►

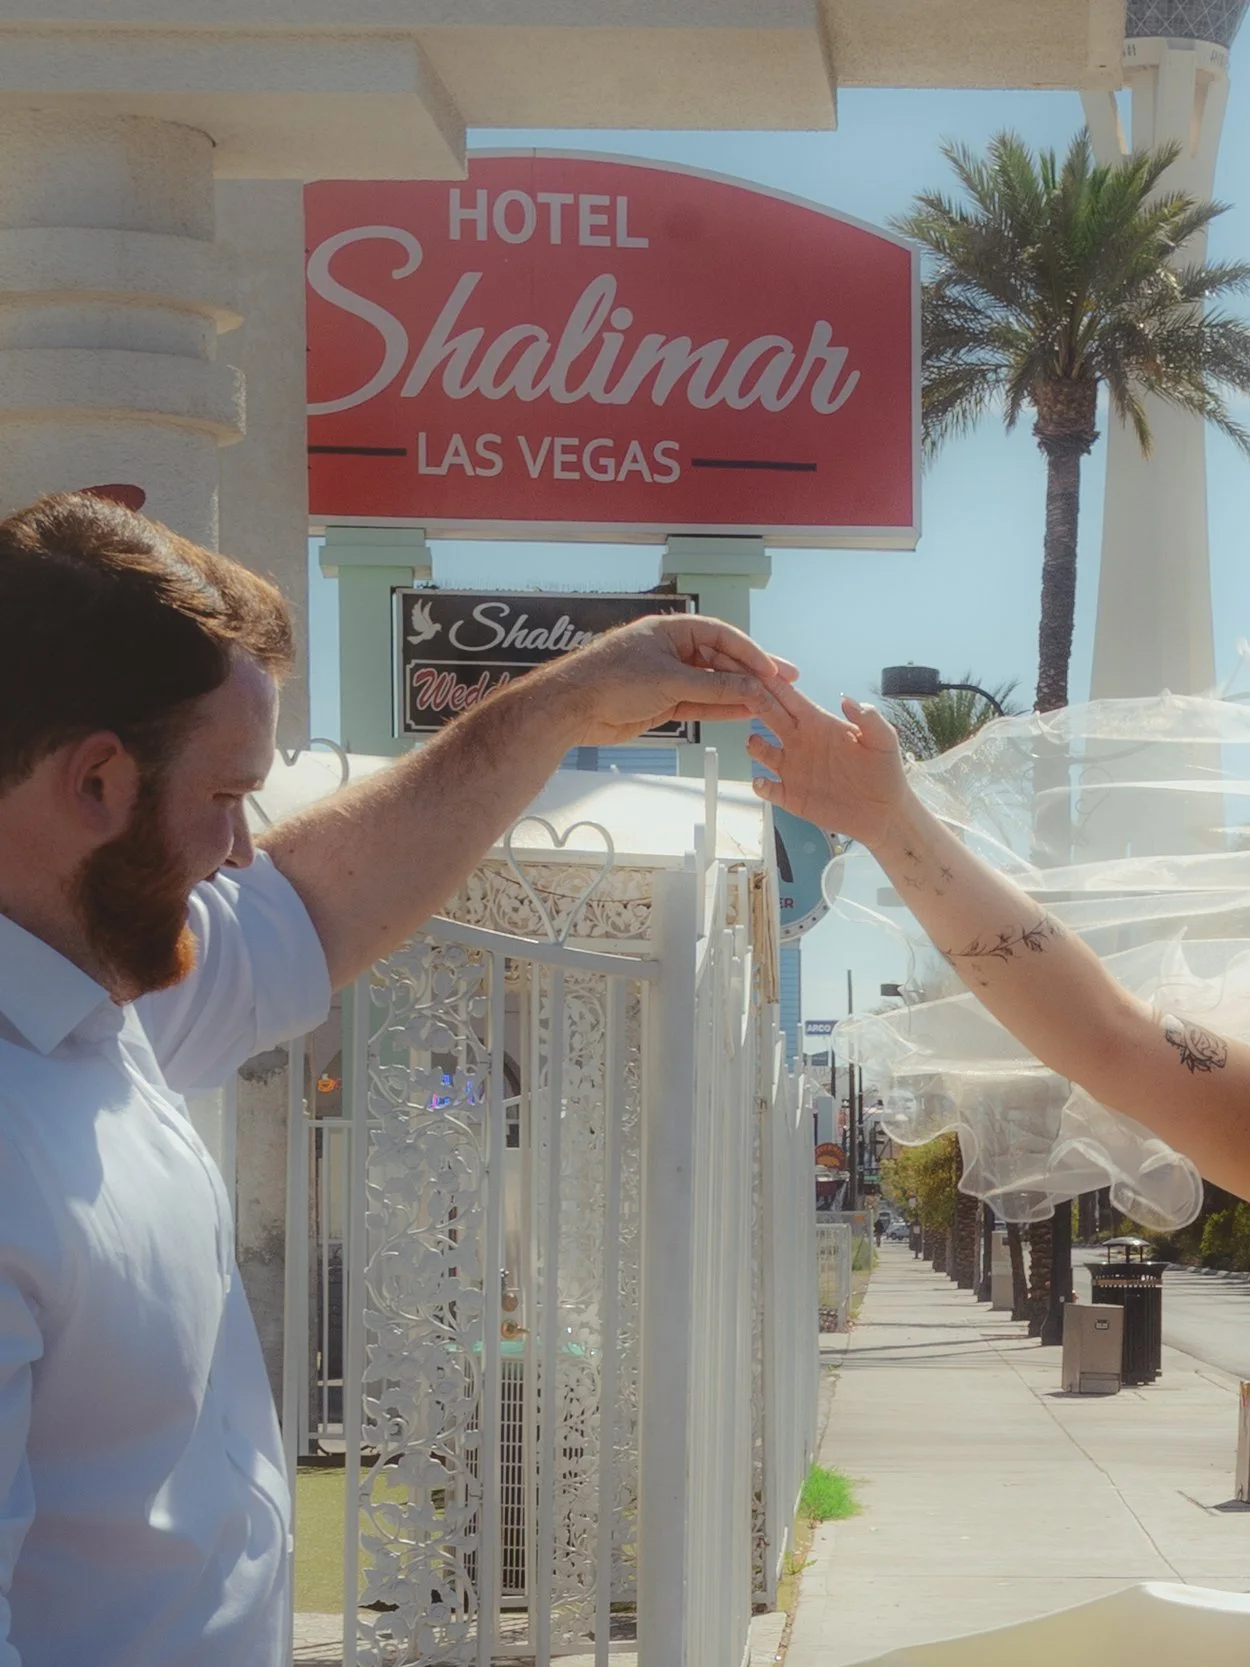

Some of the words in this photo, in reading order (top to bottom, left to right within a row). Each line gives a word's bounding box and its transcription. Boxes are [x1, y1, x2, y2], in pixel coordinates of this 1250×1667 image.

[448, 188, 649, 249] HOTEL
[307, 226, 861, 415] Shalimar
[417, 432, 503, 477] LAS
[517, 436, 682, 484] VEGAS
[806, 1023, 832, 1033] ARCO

◄

» **Assigned task**: Could you copy the listing exactly, leaving out any pictures?

» **Output of the task**:
Some of the words in this photo, in reading order (top to bottom, left to right within a row). Each line gives a word's bounding box and its transcription. Boxes are [x1, y1, x2, y2], in pixel coordinates of this 1250×1667 image.

[448, 188, 649, 249] HOTEL
[307, 226, 861, 415] Shalimar
[417, 432, 503, 477] LAS
[517, 436, 682, 484] VEGAS
[806, 1023, 832, 1033] ARCO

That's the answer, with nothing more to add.